= Beginning of Section =

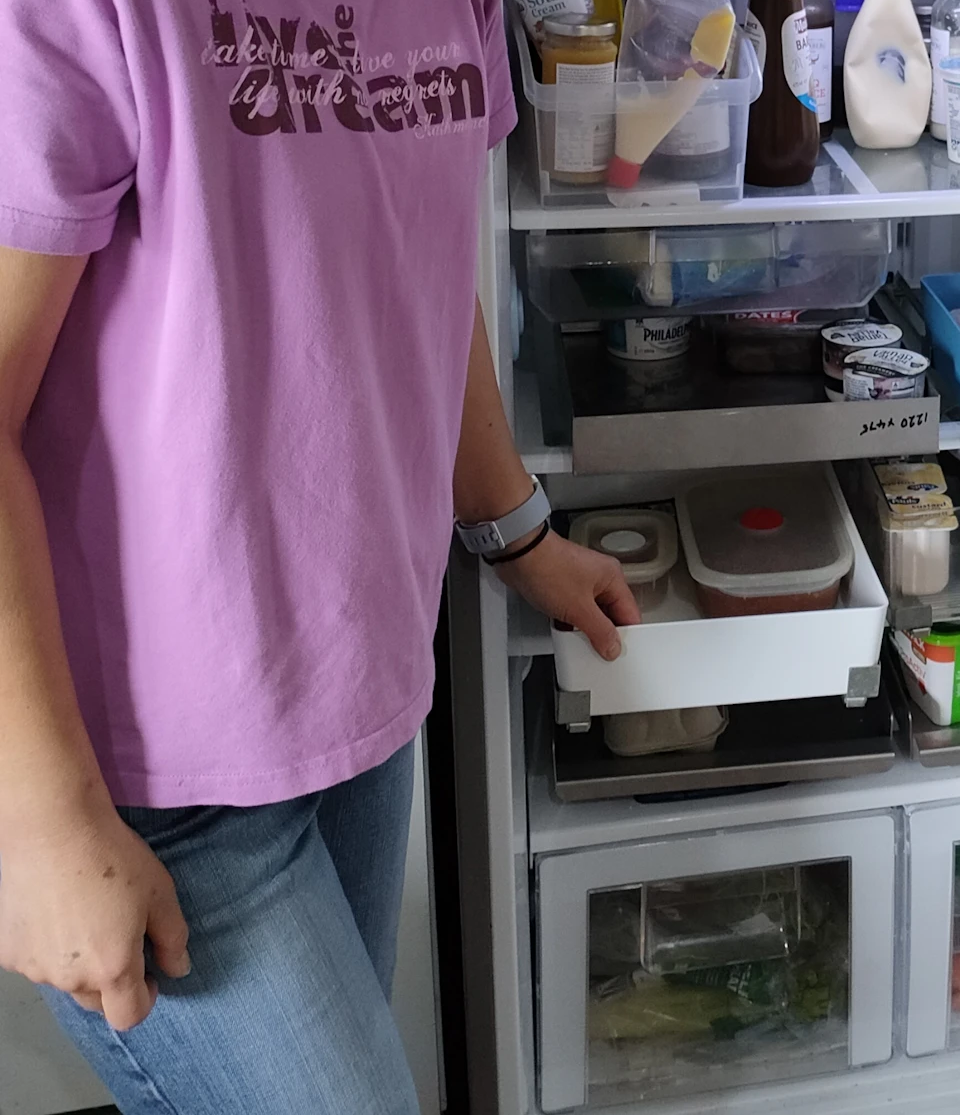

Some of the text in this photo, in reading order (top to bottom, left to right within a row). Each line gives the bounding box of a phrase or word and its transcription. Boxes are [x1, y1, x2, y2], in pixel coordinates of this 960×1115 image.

[531, 1, 566, 18] Cream
[380, 70, 457, 115] regrets
[735, 311, 793, 320] DATES
[643, 322, 688, 342] PHILADEL
[900, 412, 928, 428] 1220

= End of Section =

> Exercise requirements: Write out all the material verbatim, images excluded.

> Completed exercise:
Some of the text in this photo, in reading order (top to bottom, left to right within a row). Each line gives the bounding box of a phrase or word and its transcription. Boxes are [x1, y1, x2, y2], in pixel coordinates of this 960×1115 image.

[531, 1, 566, 18] Cream
[380, 70, 457, 115] regrets
[735, 311, 793, 320] DATES
[643, 322, 688, 342] PHILADEL
[900, 412, 928, 428] 1220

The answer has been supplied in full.